Binomial Theorem: Maths Class 11 Chapter-8
Key Features of NCERT Material for Class 11 Maths Chapter 8 – Binomial Theorem
Quick revision notes
In Chapter 7 of Class 11 Maths: you must have learned about Permutations and Combinations. In chapter 8: Binomial Theorem of Class 11 Maths Chapter 8, you will learn about the Binomial Theorem.
Binomial Theorem for Positive Integer
nC0, nC1, nC2, … , nno are called binomial coefficients and
nCr = n! / r!(n – r)! for 0 ≤ r ≤ n.
Properties of Binomial Theorem for Positive Integer
- Total number of terms in the expansion of (x + a)n is (n + 1).

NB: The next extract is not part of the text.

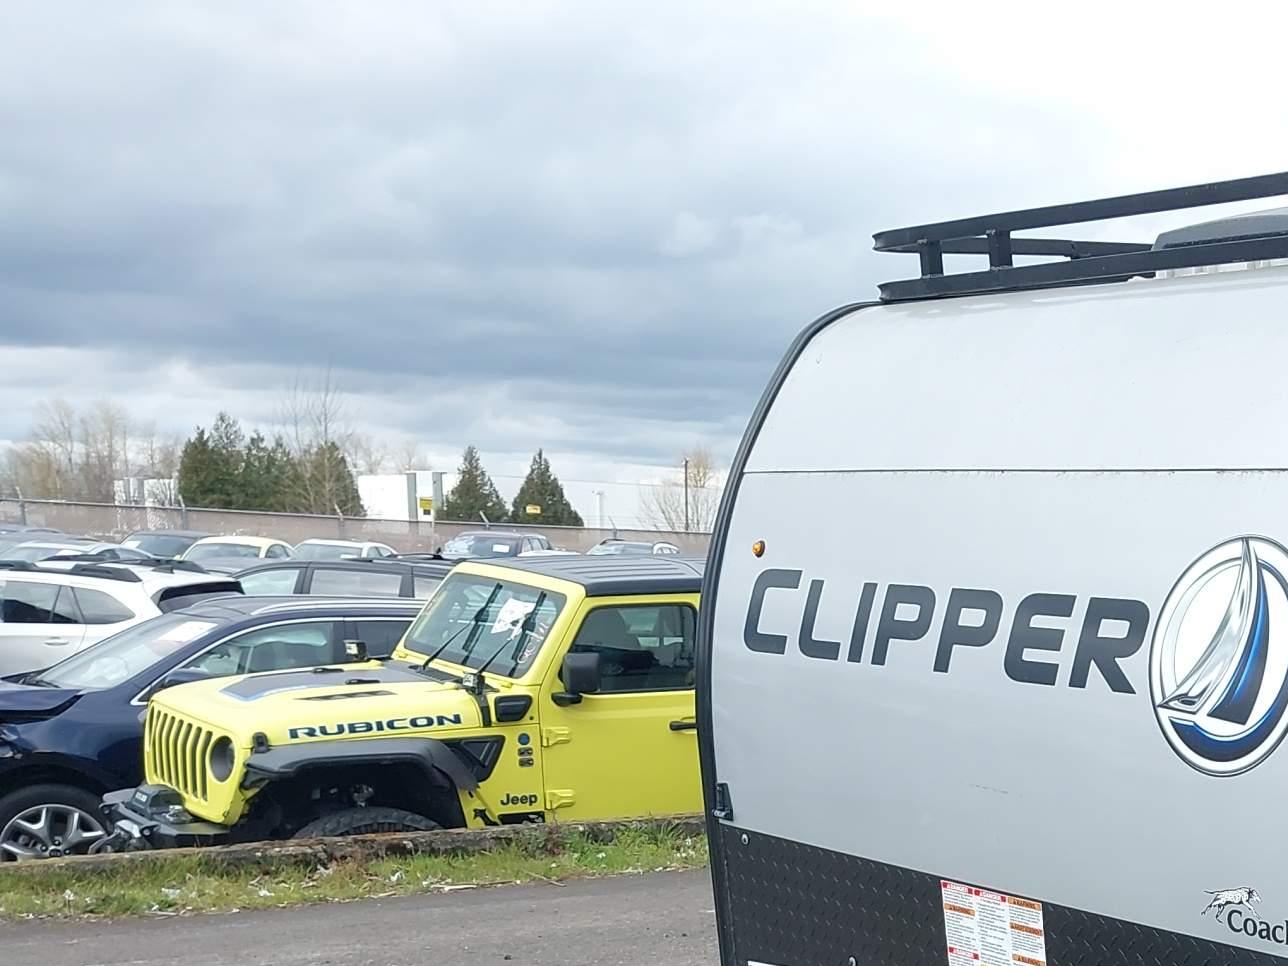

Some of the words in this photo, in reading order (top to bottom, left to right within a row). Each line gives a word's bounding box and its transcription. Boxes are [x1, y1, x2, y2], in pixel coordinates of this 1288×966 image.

[743, 568, 1151, 695] CLIPPER
[288, 713, 463, 739] RUBICON
[500, 793, 538, 807] Jeep

- The sum of the indices of x and a in each term is n.
- The above expansion is also true when x and a are complex numbers.
- The coefficient of terms equidistant from the beginning and the end are equal. These coefficients are known as the binomial coefficients and
nCr = nCn – r, r = 0,1,2,…,n.
- General term in the expansion of (x + c)n is given by Tr + 1 = nCrxn – r ar.
- The values of the binomial coefficients steadily increase to maximum and then steadily decrease .
Middle term in the expansion of (1 + x)n
- It n is even, then in the expansion of (x + a)n, the middle term is (n/2 + 1)th terms.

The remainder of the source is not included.